Resources also lamented Richardson’s absence from the team facility over the past year while he recovered from shoulder surgery. The team expected him to spend more time there throughout the past season, and some believe that has resulted in a lack of build in Generation 2.

“More than anything, this shows the disconnect between the college game and the professional game,” one NFL general manager mentioned in this presentation. “And for every CJ Stroud and Jayden Daniels, there will be quarterbacks who will take time to develop.”

Basic supervisor Chris Ballard & Co. seemed able to envision this from the beginning. Richardson’s tantalizing talent overcame concerns about his lack of experience.

“He’s got to come in and make a living like all the players we bring in. Let’s not expect him to be Superman from Day 1,” Ballard said the night Indianapolis drafted Richardson. “I think history has shown that there aren’t many of them that are Superman from day 1. Some of them take two or three years to become a really good player.

“They gave us a chance to let those guys get together and play. They’re having some struggles and once they’ve started working through the scrimmages and ultimately their ability, the more they play, their ability will come through.”

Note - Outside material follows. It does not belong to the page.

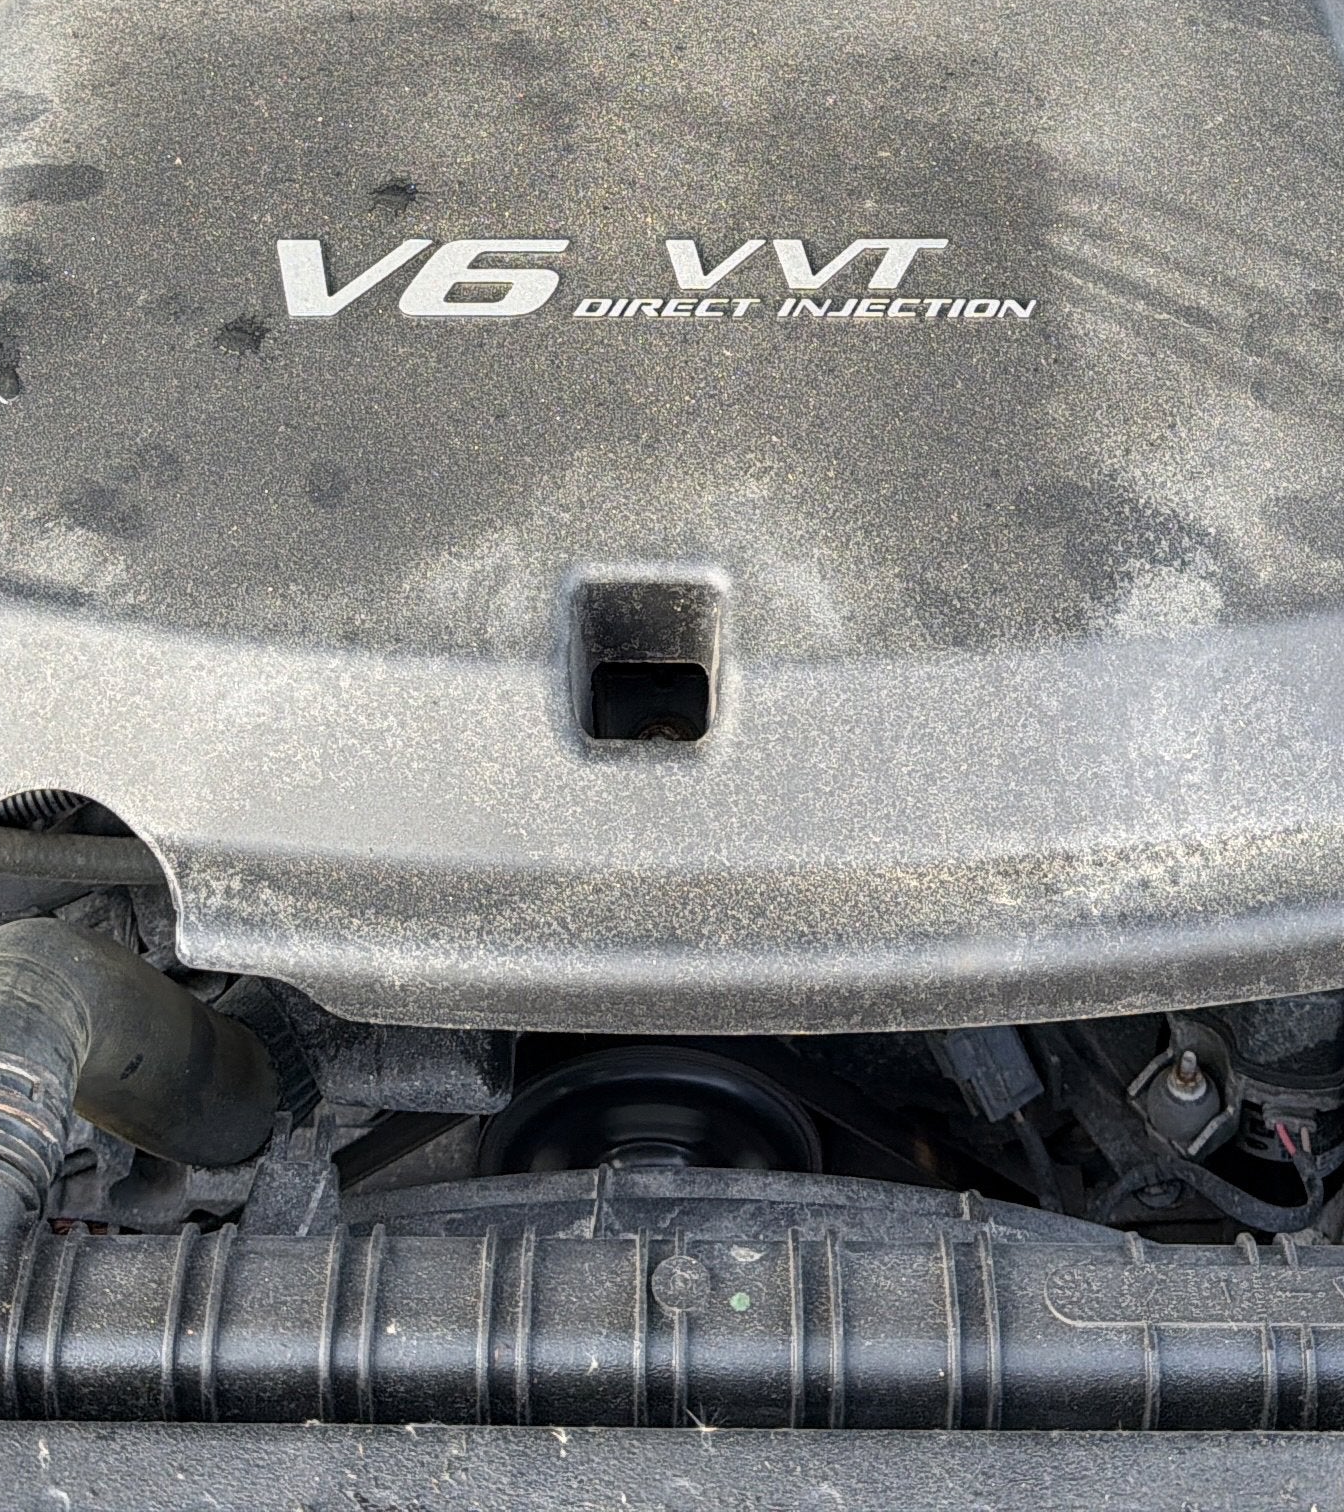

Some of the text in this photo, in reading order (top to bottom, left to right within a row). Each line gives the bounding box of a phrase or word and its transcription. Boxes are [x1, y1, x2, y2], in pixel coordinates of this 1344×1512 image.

Everyone from Tom Brady to I’m Sick has talked about the lack of quarterback development and the quickness NFL teams use to get those players going. Probably no one has said it better than Vikings head coach Kevin O’Connell: “I think organizations fail young quarterbacks before young quarterbacks fail organizations.”

The one who has had the playing field in Indianapolis is dehydrated to resolve himself at this level. It’s a franchise that preached resilience for Richardson 18 months ago, but it’s also a franchise that can carry a banner by producing the NFL’s top four.

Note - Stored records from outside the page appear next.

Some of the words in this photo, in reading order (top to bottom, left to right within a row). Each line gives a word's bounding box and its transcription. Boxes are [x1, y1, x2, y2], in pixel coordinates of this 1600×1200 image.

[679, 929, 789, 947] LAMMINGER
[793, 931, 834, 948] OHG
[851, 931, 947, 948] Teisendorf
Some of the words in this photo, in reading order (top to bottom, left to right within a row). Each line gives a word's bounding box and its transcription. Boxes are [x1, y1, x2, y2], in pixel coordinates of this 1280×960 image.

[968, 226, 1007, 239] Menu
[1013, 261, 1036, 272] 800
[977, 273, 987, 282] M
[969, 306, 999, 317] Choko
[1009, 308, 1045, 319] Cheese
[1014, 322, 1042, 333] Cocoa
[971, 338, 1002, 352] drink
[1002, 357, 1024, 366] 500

The verdict for recruiting Richardson was usually a collaboration with Irsay, Ballard and Steichen. But in a draft with Bryce Young and CJ Stroud, Richardson became, above all, the person with the most power in that trend.

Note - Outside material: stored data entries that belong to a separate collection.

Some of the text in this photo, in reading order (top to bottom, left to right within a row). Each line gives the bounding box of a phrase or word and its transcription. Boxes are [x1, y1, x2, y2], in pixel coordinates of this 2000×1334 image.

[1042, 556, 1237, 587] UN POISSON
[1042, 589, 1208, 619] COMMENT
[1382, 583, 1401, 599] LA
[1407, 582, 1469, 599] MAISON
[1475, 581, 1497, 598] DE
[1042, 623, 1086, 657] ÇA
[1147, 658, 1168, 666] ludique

“If we had the first pick in the draft, we would probably take Anthony,” Irsay instructed reporters closest to the draft. “That’s how much we liked it.”

“I always felt Richardson was going to be the guy we went with, from the beginning.”

What many around the league are trying to understand is how the plan for Richardson was so temporarily thwarted. Steichen took over Richardson’s bench in this presentation, and assets imagine the coach making that decision signifies some degree of misalignment between the general supervisor and the training staff.

“What are you really playing for? The playoffs to keep your job? If you win nine games and don’t make the playoffs, it was a lost season,” said one high-ranking executive. “When you make the playoffs and lose, it’s still a misuse of your company’s past. If you’re more concerned about your job and job security, does that really help that? Since you’re going to relive it after 12 months. That part of this doesn’t make sense to me seems very shortsighted.

“You’re going to have to endure the pain. You want it now or later. You’ve compromised the fourth choice with the pain.”

Ballard is 58-64-1 as general manager, with 4 successful seasons out of seven years. He has two playoff appearances and one victory. The quarterback decided to be the savior of the franchise in the post-Andrew Success years and was simply benched indefinitely. The Colts, despite being 4-4, are a game and a half away (plus losing the tiebreaker to Houston) for the AFC South section.

Ballard is now in his eighth season as a regular supervisor, replacing the fired Ryan Grigson in 2017. He managed to be left at the altar by Josh McDaniels by hiring Frank Reich, and then signed a five-year contract extension through the 2026 season, the closest he has come to an 11-5 campaign in 2020. Despite the protests from Ballard, Irsay hired Jeff on Saturday as interim coach before Ballard helped ink Shane Steichen ahead of the 2023 season.

Since Ballard took over as general manager, the Texans, Titans and Jaguars have won the AFC South title at least twice. Ballard has yet to win it once.

Now, their career-defining draft pick has been benched, and their best-laid plan has long since gone awry.